Les bords de Garonne

 

Il est inconcevable de venir à Toulouse sans  jeter un coup d’œil à la Garonne.

Le Pont-Neuf à gauche, le pont St-Pierre à droite et l'Hôtel Dieu au centre
Le Pont-Neuf à gauche, le pont St-Pierre à droite et l'Hôtel Dieu au centre

La rive droite de la Garonne

 

 

Le pont emblématique est le Pont-Neuf qui comme son nom ne l'indique pas est le plus vieux des ponts toulousains. Grace à ses "dégueuloirs", il a survécu à la grande crue de 1875 qui a englouti les autres ponts et fait plus de 200 morts.

 

James Colomina y a installé en 2017 « L’enfant au bonnet d’âne », une amusante sculpture en résine rouge.

 

Le Pont-Neuf
Le Pont-Neuf
"L'enfant au bonnet d'âne", photographié en décembre 2018
"L'enfant au bonnet d'âne", photographié en décembre 2018

 

Juste à côté du Pont-Neuf, on trouve la place de la Daurade. Outre les pittoresques maisons de la place et la basilique de même nom,  le quai est  très apprécié de la jeunesse pour aller se poser sur l'herbe. C'est le lieu de départ de croisières sur la Garonne.

 

Le Quai de la Daurade
Le Quai de la Daurade
Le Quai de la Daurade
Le Quai de la Daurade

En aval du Pont-Neuf, on trouve le pont de St-Pierre dont la version actuelle date de 1987. Il a en effet été remplacé à cinq reprises entre 1850 et 1987.

 

Le pont St-Pierre avec le dôme de l'hôpital  de la Grave au fond
Le pont St-Pierre avec le dôme de l'hôpital de la Grave au fond
Surprenante sculture installée sous le pont Saint-Pierre, en juillet 2019 par l'artiste américain Mark Jenkins dans le cadre du festival Rose béton
Surprenante sculture installée sous le pont Saint-Pierre, en juillet 2019 par l'artiste américain Mark Jenkins dans le cadre du festival Rose béton

 

Un peu plus bas, on trouve l'espace EDF Bazacle.

 

Photo prise au niveau du gué où a été installé l'usine hydroélectrique.
Photo prise au niveau du gué où a été installé l'usine hydroélectrique.
La vue sur la Garonne depuis la terrasse de l'usine
La vue sur la Garonne depuis la terrasse de l'usine

L'entrée est gratuite et le lieu est intéressant puisque l'on peut voir l'usine hydroélectrique qui remplaça en 1888 le Grand Moulin du Bazacle. Elle fournit de nos jours de l'électricité à 10 000 Toulousains.

 

Plus que les turbines, je voulais jeter un coup d’œil à la passe à poissons. La Garonne accueille encore huit espèces de poissons migrateurs (esturgeons d'Europe, grandes  aloses , aloses  feintes , anguilles, deux sortes de lamproies, saumons de l’Atlantique et truites de mer) . Un hublot permet de voir éventuellement passer les poissons.
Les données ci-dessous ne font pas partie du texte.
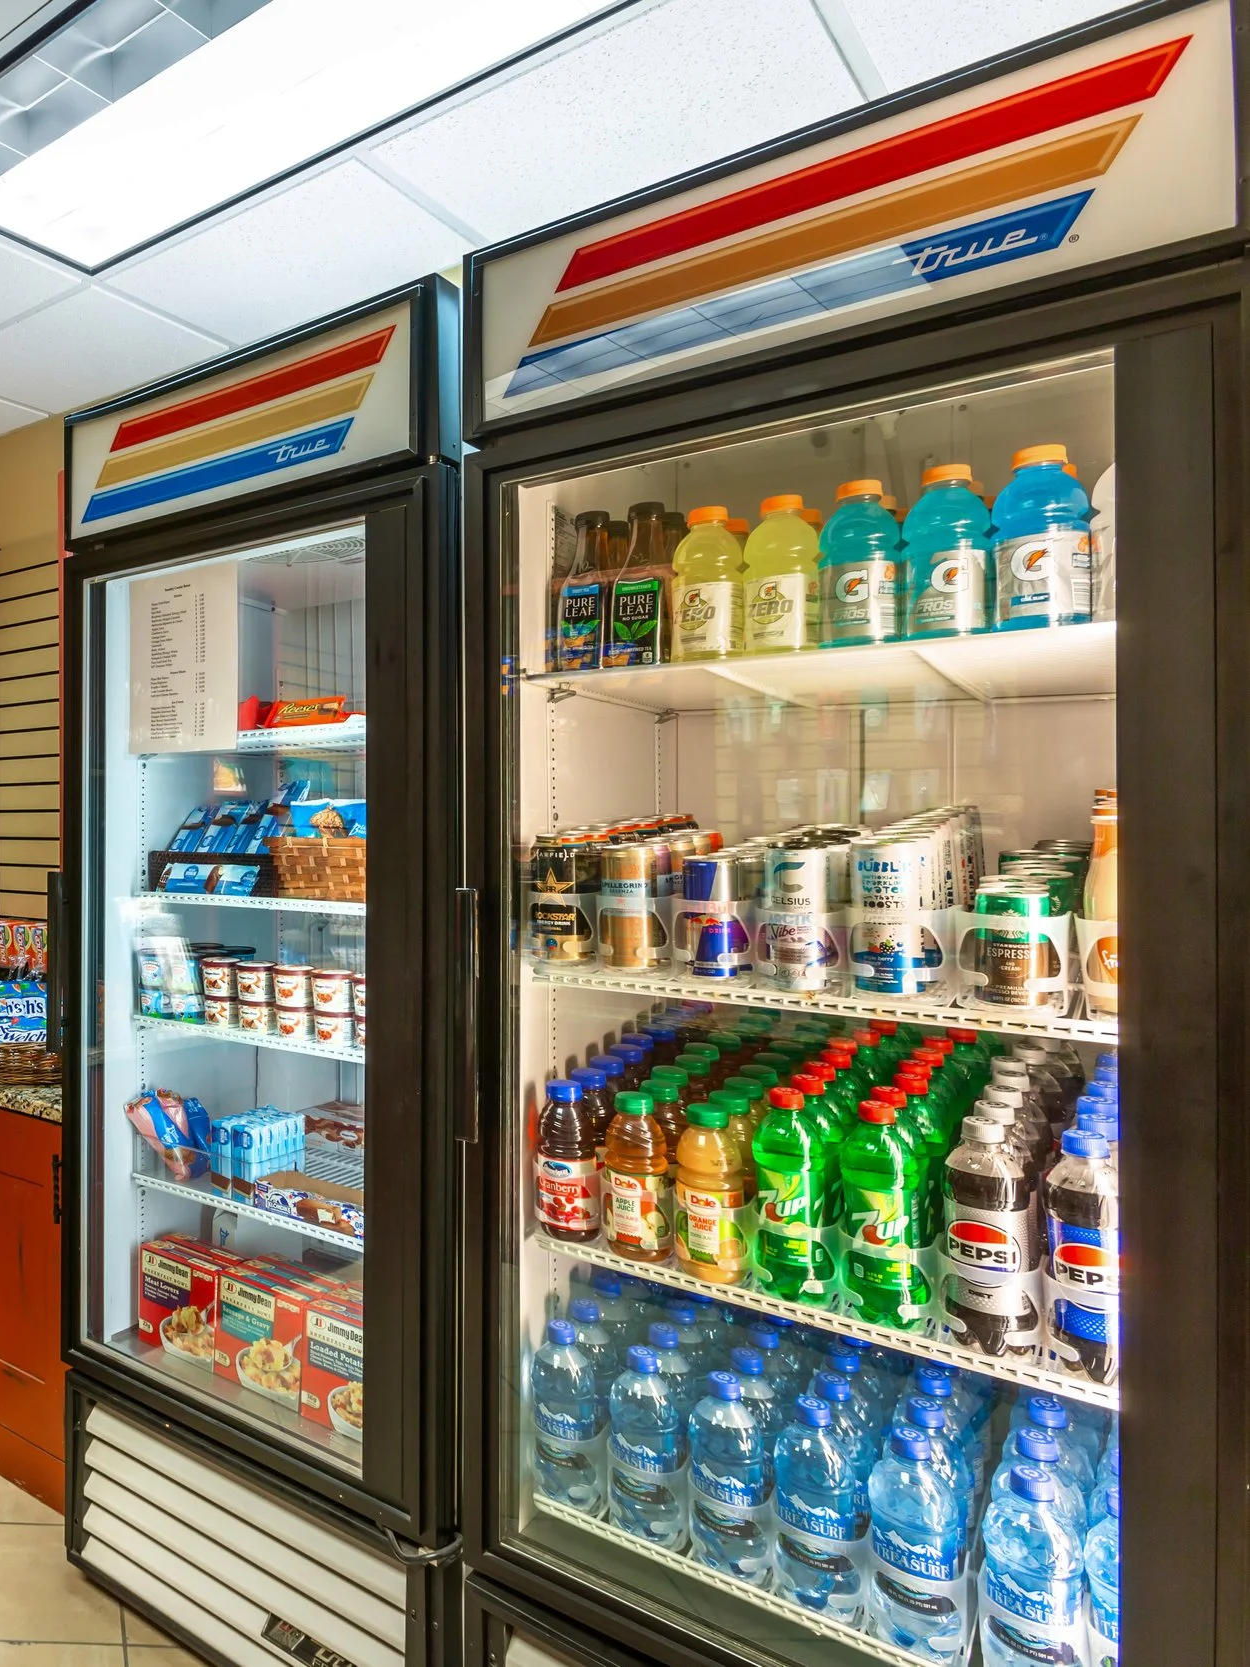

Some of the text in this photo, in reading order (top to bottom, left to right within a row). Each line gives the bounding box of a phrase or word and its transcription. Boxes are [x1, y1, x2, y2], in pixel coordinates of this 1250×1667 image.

[892, 229, 1038, 276] true
[269, 438, 330, 464] true
[931, 558, 969, 593] G
[835, 569, 869, 603] G
[566, 596, 595, 608] PURE
[619, 593, 654, 606] PURE
[917, 600, 956, 613] FROS
[748, 600, 794, 618] ZERO
[770, 895, 811, 906] CELSIUS
[771, 924, 796, 939] Vibe
[986, 947, 1030, 960] ESPRESS
[540, 1176, 581, 1196] Cranberry
[614, 1177, 637, 1189] Dole
[615, 1198, 635, 1207] APPLE
[616, 1204, 635, 1212] JUICE
[691, 1195, 716, 1207] Dole
[689, 1215, 717, 1226] ORANGE
[692, 1223, 713, 1232] JUICE
[948, 1238, 1017, 1265] PEPSI
[158, 1260, 189, 1279] Jimmy Dean
[145, 1275, 159, 1287] Meat
[160, 1281, 180, 1295] Lovers
[174, 1278, 188, 1288] BOWL
[238, 1287, 272, 1308] Jimmy Dean
[968, 1288, 993, 1299] DIET
[223, 1305, 245, 1320] Sausage
[251, 1318, 270, 1331] Gravy
[328, 1323, 363, 1344] Jimmy Dea
[310, 1341, 339, 1358] Loaded
[348, 1344, 363, 1354] BOW
[875, 1541, 950, 1580] TREASURE
[987, 1583, 1071, 1626] TREASU
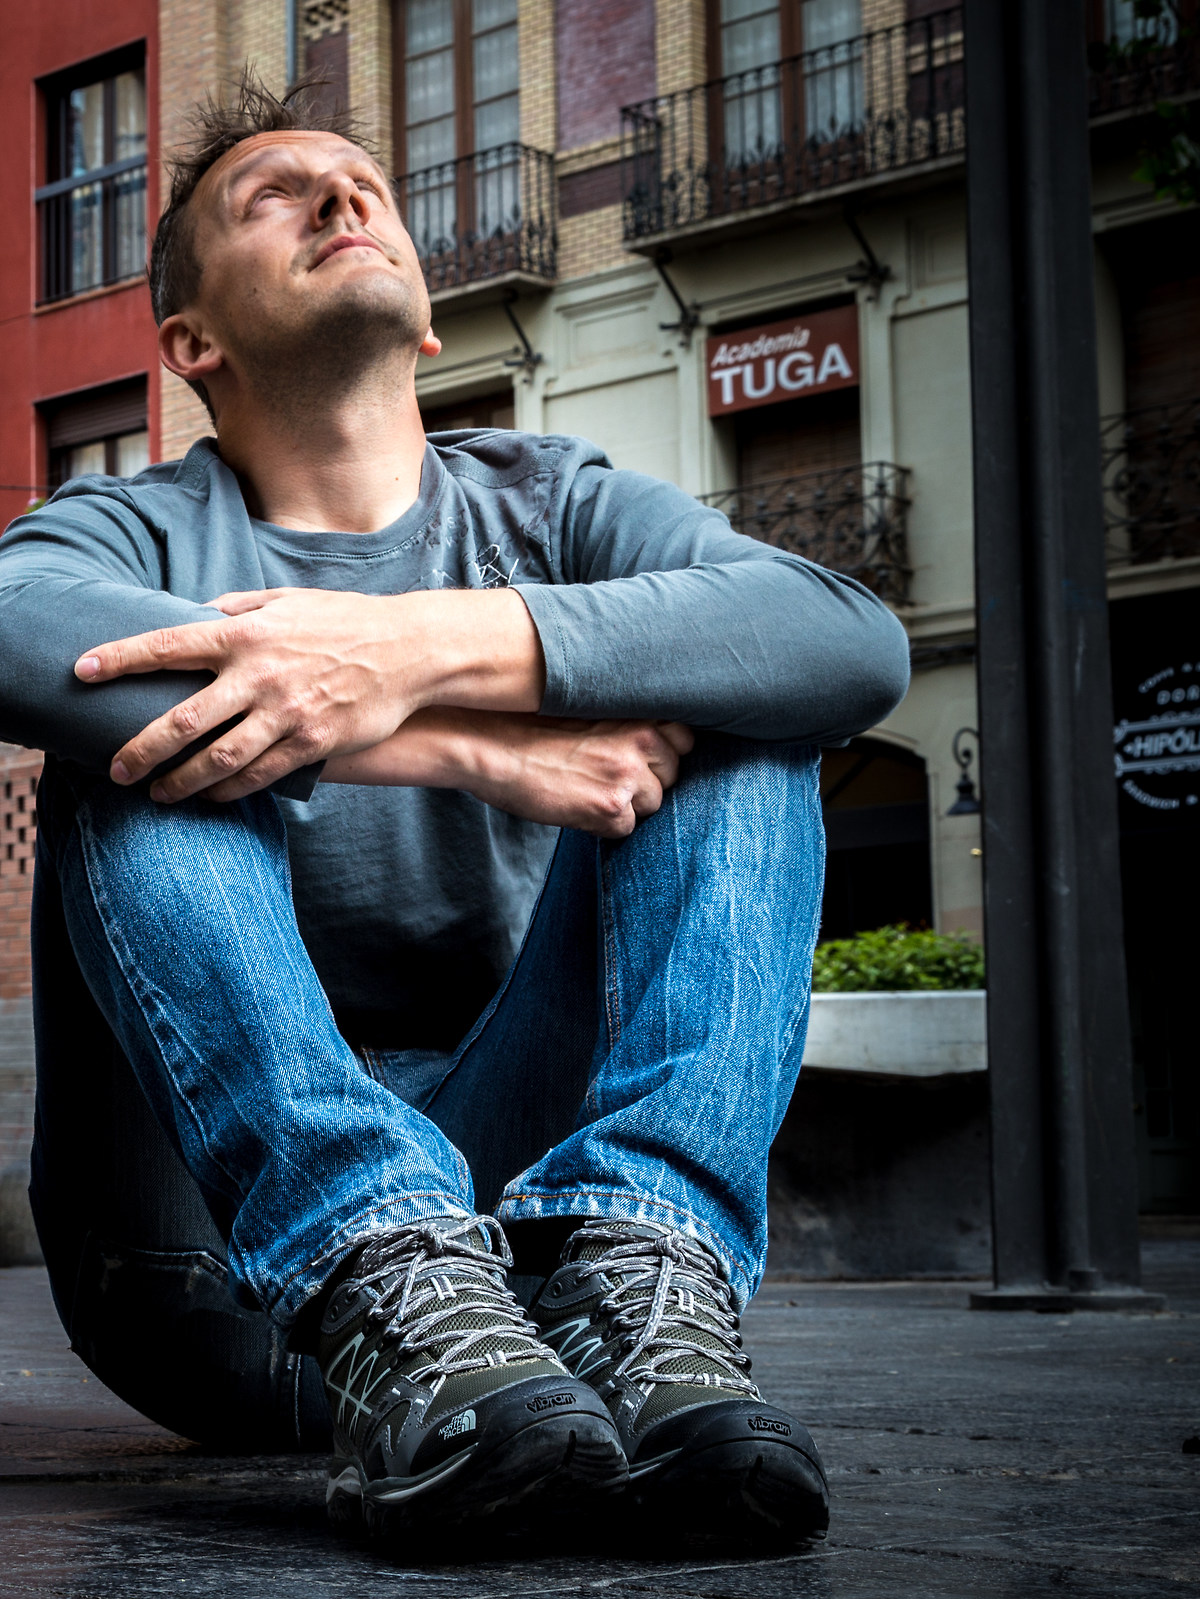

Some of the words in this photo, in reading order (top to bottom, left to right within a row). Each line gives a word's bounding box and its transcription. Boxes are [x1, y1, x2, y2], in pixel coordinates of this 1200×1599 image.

[711, 326, 810, 368] Academia
[711, 343, 852, 405] TUGA
[1133, 726, 1200, 757] HIPÓL
[525, 1392, 577, 1413] vibram
[438, 1417, 463, 1437] NORTH
[443, 1425, 462, 1441] FACE
[747, 1415, 792, 1437] vibram
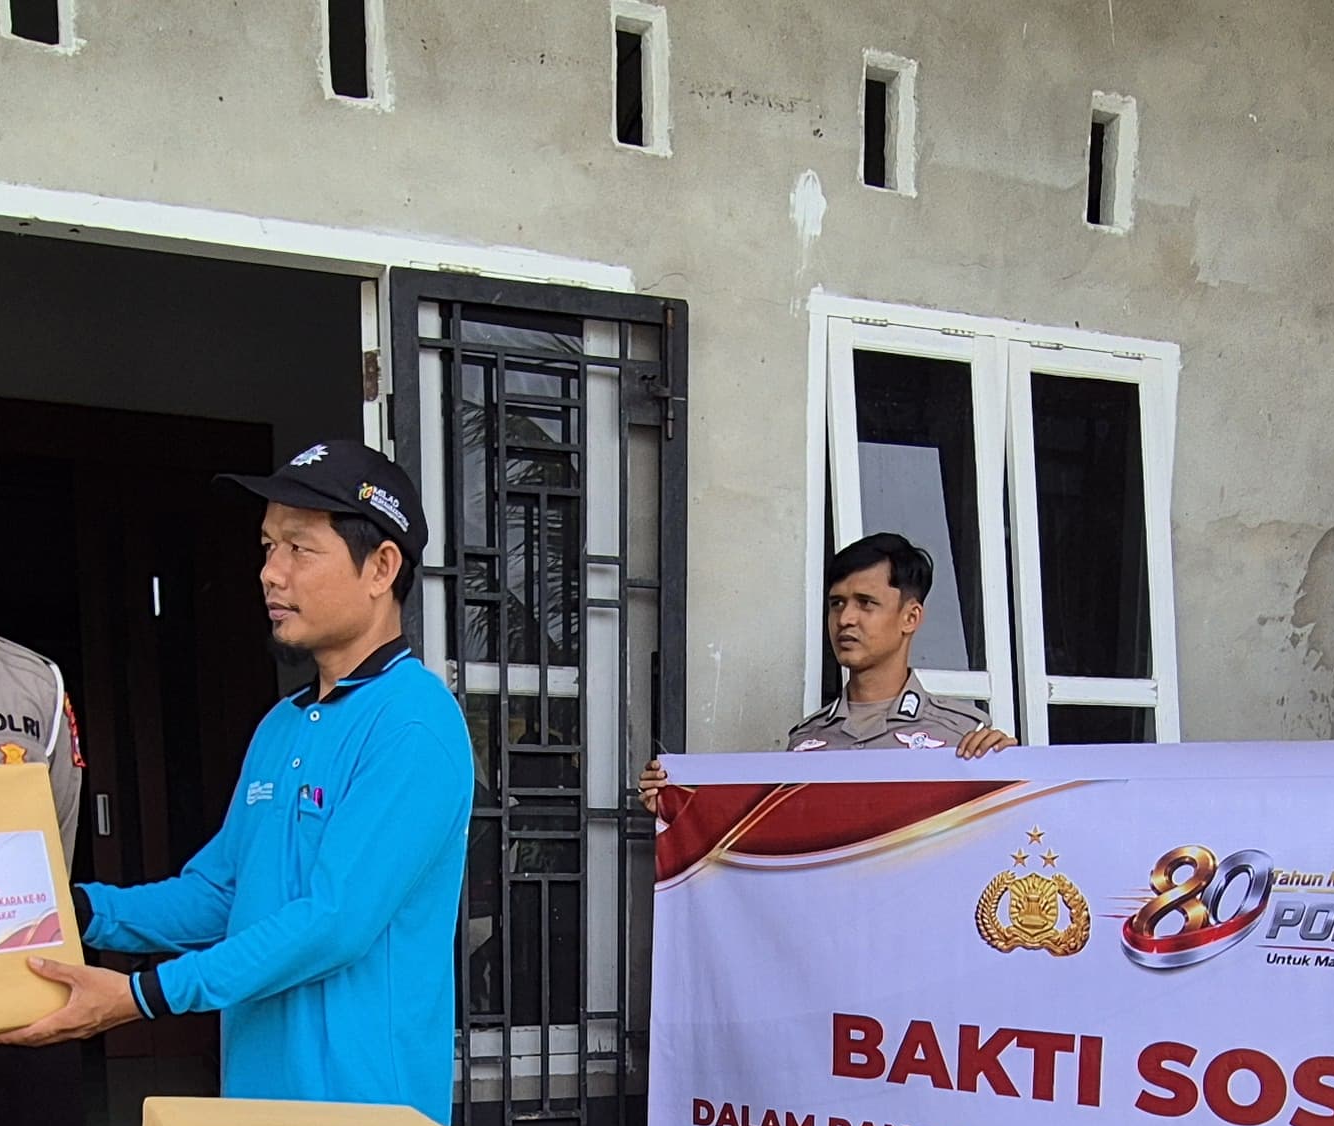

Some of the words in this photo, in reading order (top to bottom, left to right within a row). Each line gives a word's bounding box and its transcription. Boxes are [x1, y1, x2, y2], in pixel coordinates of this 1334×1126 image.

[1132, 844, 1273, 938] 80
[1271, 869, 1323, 887] Tahun
[1266, 953, 1310, 967] Untuk
[832, 1011, 1103, 1107] BAKTI
Il y aurait par an dans les 5000 aloses, 300 lamproies et une centaines de saumons qui utiliseraient la passe. Autant dire qu'il faut un sacré coup de chance pour en observer mais je voulais voir à quoi ressemblait cette passe à poissons.

La passe à poissons qui leur permet de remonter le fleuve
La passe à poissons qui leur permet de remonter le fleuve


La rive gauche, le quartier Saint-Cyprien

 

Extrait d'un plan tiré du site de l'Ofiice de tourisme
Extrait d'un plan tiré du site de l'Ofiice de tourisme

 

Après avoir traversé la Garonne sur le Pont-Neuf, nous nous sommes contentés de passer sur la rue Viguerie puis sur le Belvédère pour emprunter ensuite le pont St-Pierre.

 

L'hôtel -Dieu St-Jacques, hôpital construit au Moyen-Age pour soigner les pèlerins de St-Jacques de Compostelle et une pile de l'ancien pont couvert antérieur au Pont-Neuf
L'hôtel -Dieu St-Jacques, hôpital construit au Moyen-Age pour soigner les pèlerins de St-Jacques de Compostelle et une pile de l'ancien pont couvert antérieur au Pont-Neuf
Le Château d'Eau est aujourd'hui une galerie qui expose des photographies.
Le Château d'Eau est aujourd'hui une galerie qui expose des photographies.
Le mur-digue sur lequel est aménagé un chemin, fut construit en 1772 pour protéger le quartier St-Cyprien des innondations.
Le mur-digue sur lequel est aménagé un chemin, fut construit en 1772 pour protéger le quartier St-Cyprien des innondations.